Walking into the gallery, viewers are greeted with Roberts’ piece “Lake Stone Rhythm” on the right. The most striking of her series is displayed for this year’s exhibit. Her layered intaglio monotypes utilize materials found in nature, and are the subjects of the pieces. The use of vibrant watercolors contrasts the edges of the geodes, tree bark and a singular nail that are showcased on the paper. 

The preview to Linehan’s work can be seen on the left after Roberts. The seven panel oil and acrylic canvases were the preview to the largest installment in the gallery. Linehan’s “Yes I Can,” which was sixteen framed pictures across and six acrylic paintings down, held a wide variety of scenes, portraits, animals, landscapes and lots of clowns. They ranged from something of an early 1900s triumph aesthetic, religious glory to again, sad clowns. It was a shock to learn that these pieces were not free-handed by the acclaimed artist, but actually a collection of paint-by-number pieces.

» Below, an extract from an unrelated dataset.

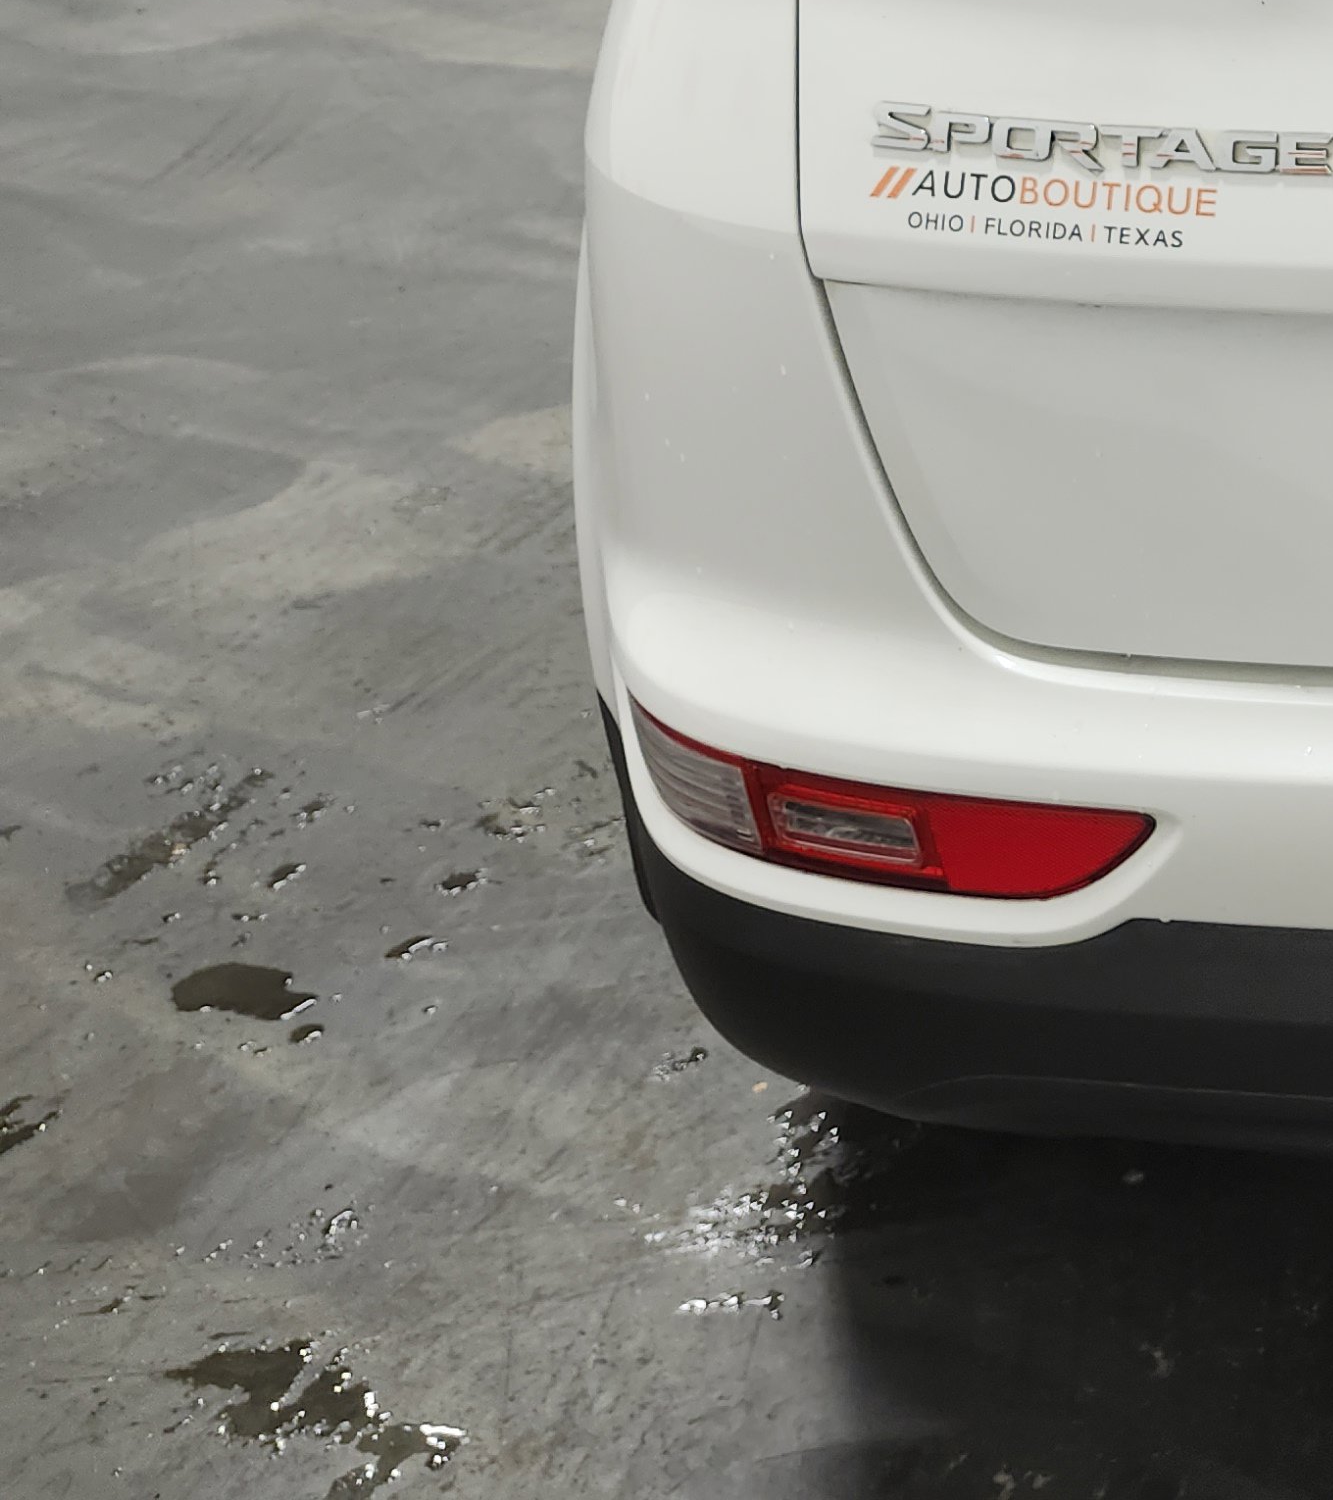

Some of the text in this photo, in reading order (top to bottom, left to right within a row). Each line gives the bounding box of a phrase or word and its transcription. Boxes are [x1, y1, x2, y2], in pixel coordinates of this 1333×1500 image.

[872, 100, 1333, 176] SPORTAGE
[908, 211, 1184, 248] OHIO FLORIDA TEXAS

James Linehan has been collecting paint-by-number pieces since the start of the pandemic. Their commonality is the fact that they are all paint-by-numbers, not done by him. They show us a view of Americana in their themes of small town, four seasons, objects, places and people held dear,” Smith said.

Notable artwork also done by Linehan includes “House on Fire,” which was the second largest installment in this exhibition, which was made up of more than 25 canvases in various sizes. The fiery oranges paired with a neon palette gave the piece its name.

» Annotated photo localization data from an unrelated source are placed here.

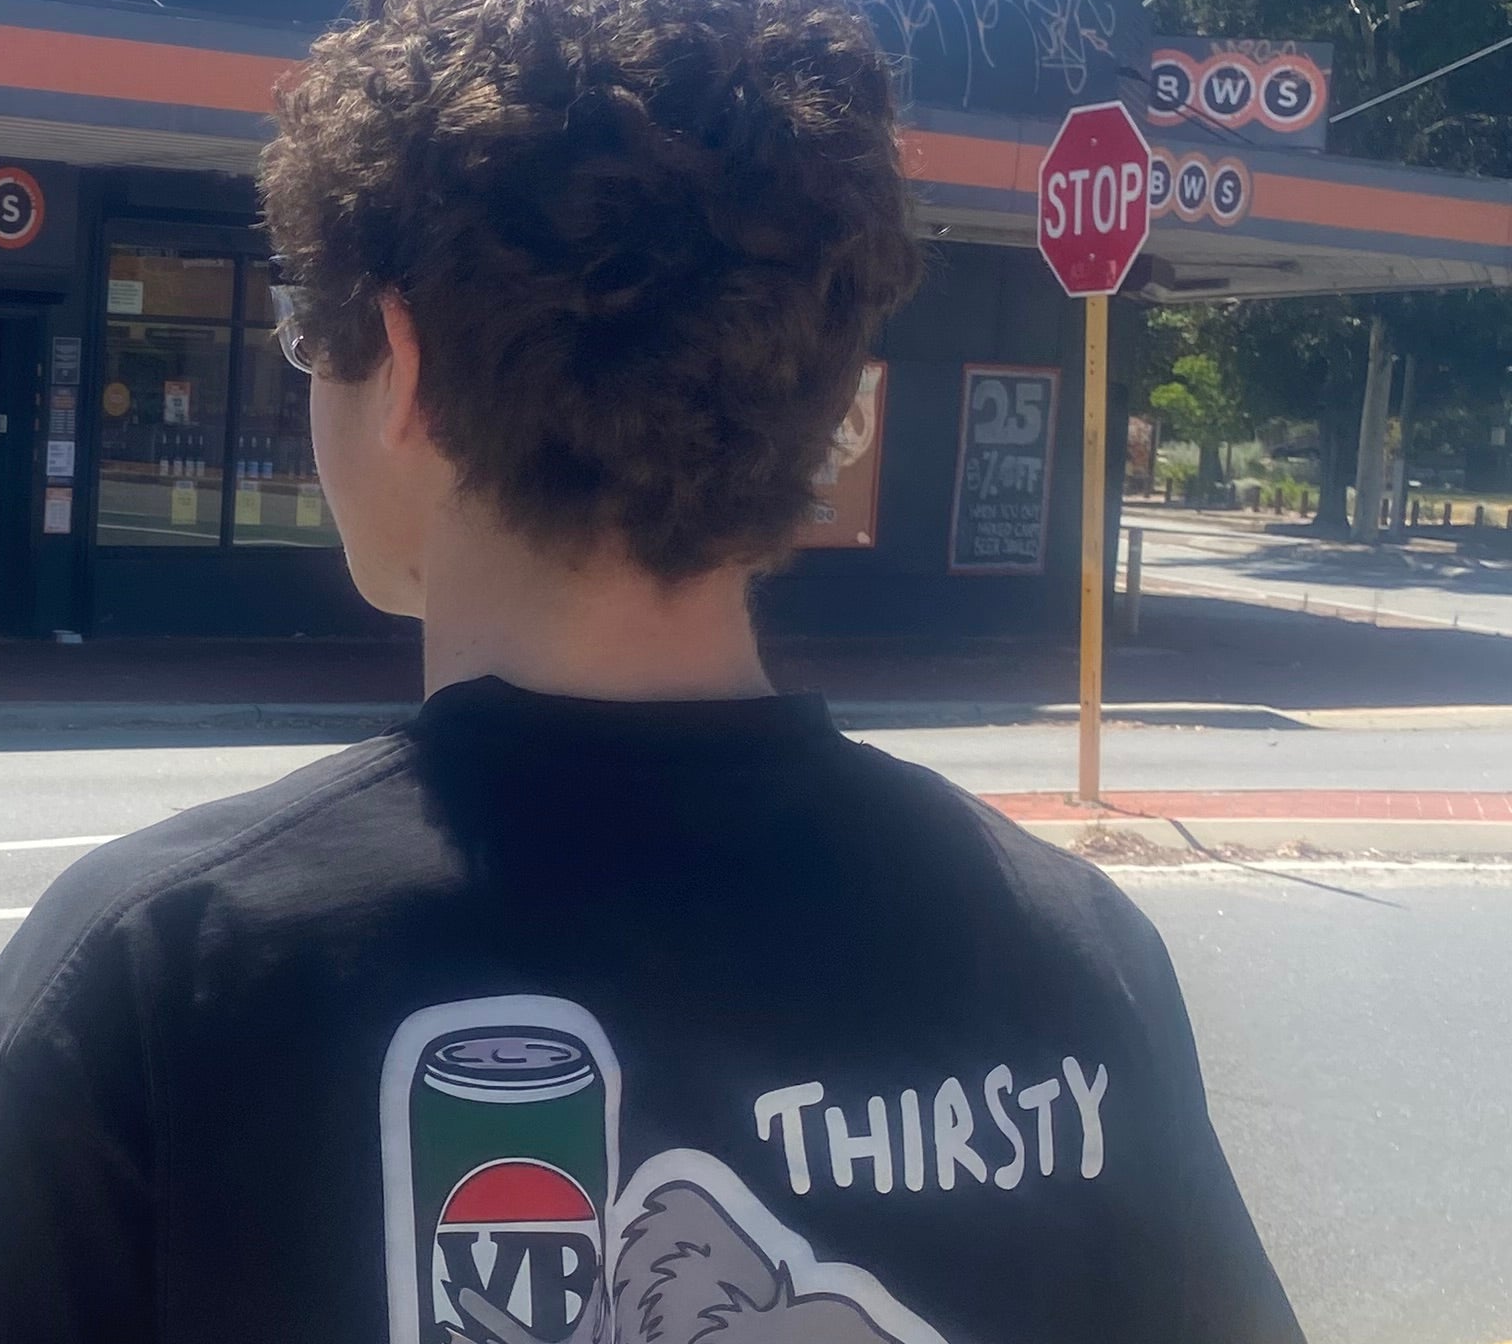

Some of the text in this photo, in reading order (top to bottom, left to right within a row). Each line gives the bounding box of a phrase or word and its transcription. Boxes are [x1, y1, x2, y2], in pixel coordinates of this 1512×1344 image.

[1156, 74, 1299, 108] BWS
[1044, 161, 1144, 239] STOP
[1150, 170, 1235, 205] BWS
[972, 379, 1043, 445] 25
[754, 1056, 1108, 1195] THIRSTY
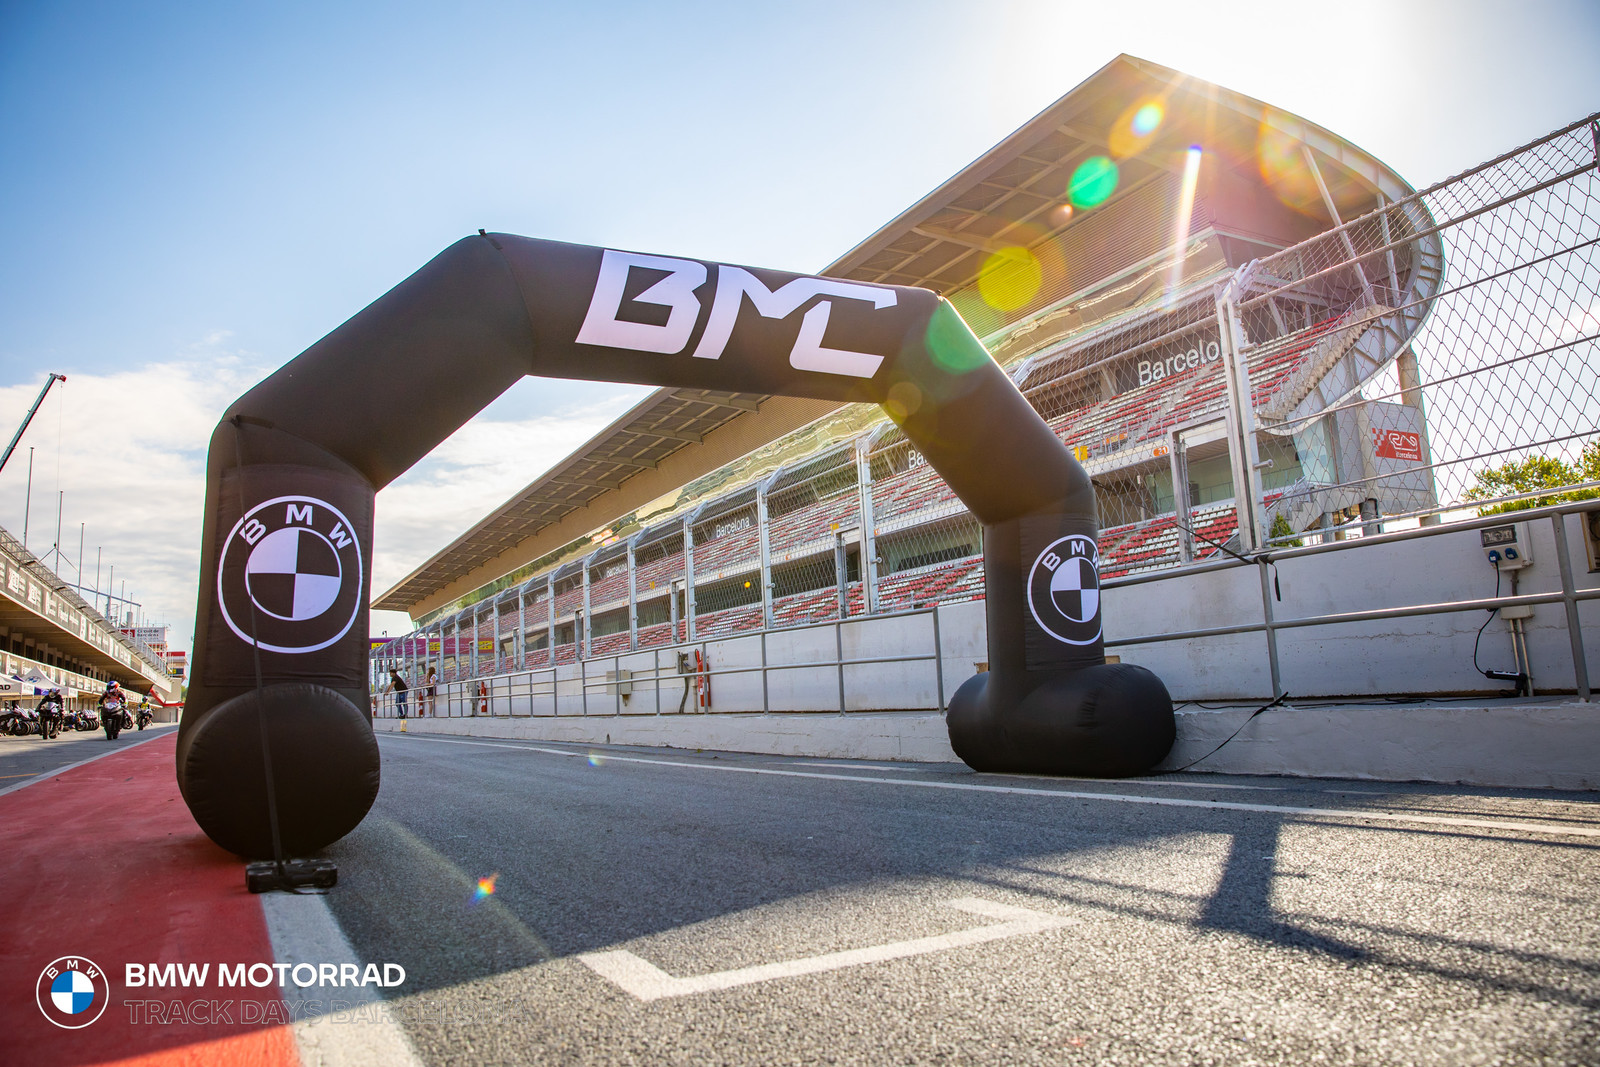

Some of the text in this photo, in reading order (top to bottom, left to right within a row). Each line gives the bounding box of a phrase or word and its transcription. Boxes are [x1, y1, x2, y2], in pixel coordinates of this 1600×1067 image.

[575, 249, 897, 379] BMC
[908, 450, 927, 469] Ba
[239, 503, 353, 549] BMW
[716, 517, 750, 538] Barcelona

Moving further into the gallery you can find work by Nadeau. His “Last Ditch Effort” piece captures a Mac-truck overturned on a snow laden road with car debris, legs and a police car in the corner of the page that tugs at the heartstrings.

Ondo, who also has been featured in the Lord Hall Gallery in the past, submitted two untitled stained glass pieces for this spring’s exhibition. One was hanging in a window with direct sunlight, the other propped up on a twelve-panel metal frame.

In the center of the gallery, you can find Groce’s work with graphite and acrylics on paper and mylar. The mixed media piece creates an amazing sort of optical illusion that holds an entire story scrawled across the canvas, broken up by maps and body parts that intentionally show through the mylar if you take a closer look, or a step back. Out of all the installments at the faculty feature exhibit at the Lord Hall Gallery, her piece “Orientation” was the most captivating due to all the elements involved. 

Down the hall there was a series of props that made up the Owen Smith portion. 

“His work focused on artist multiples and fluxus kits. The work in the show spans 2005 to 2020, and includes items that werte works in progress and ephemera from his studio,” Smith said.

Smith worked with Owen’s wife to curate this part of the exhibit. Along with his legacy, he left behind a statement piece of three plastic guns, each with a different definition left up to interpretation. Titled “Fun, Fear, Fallacy,” it was accompanied by an airplane safety graphic, and beside that, a memento of scissors that were confiscated after 9/11.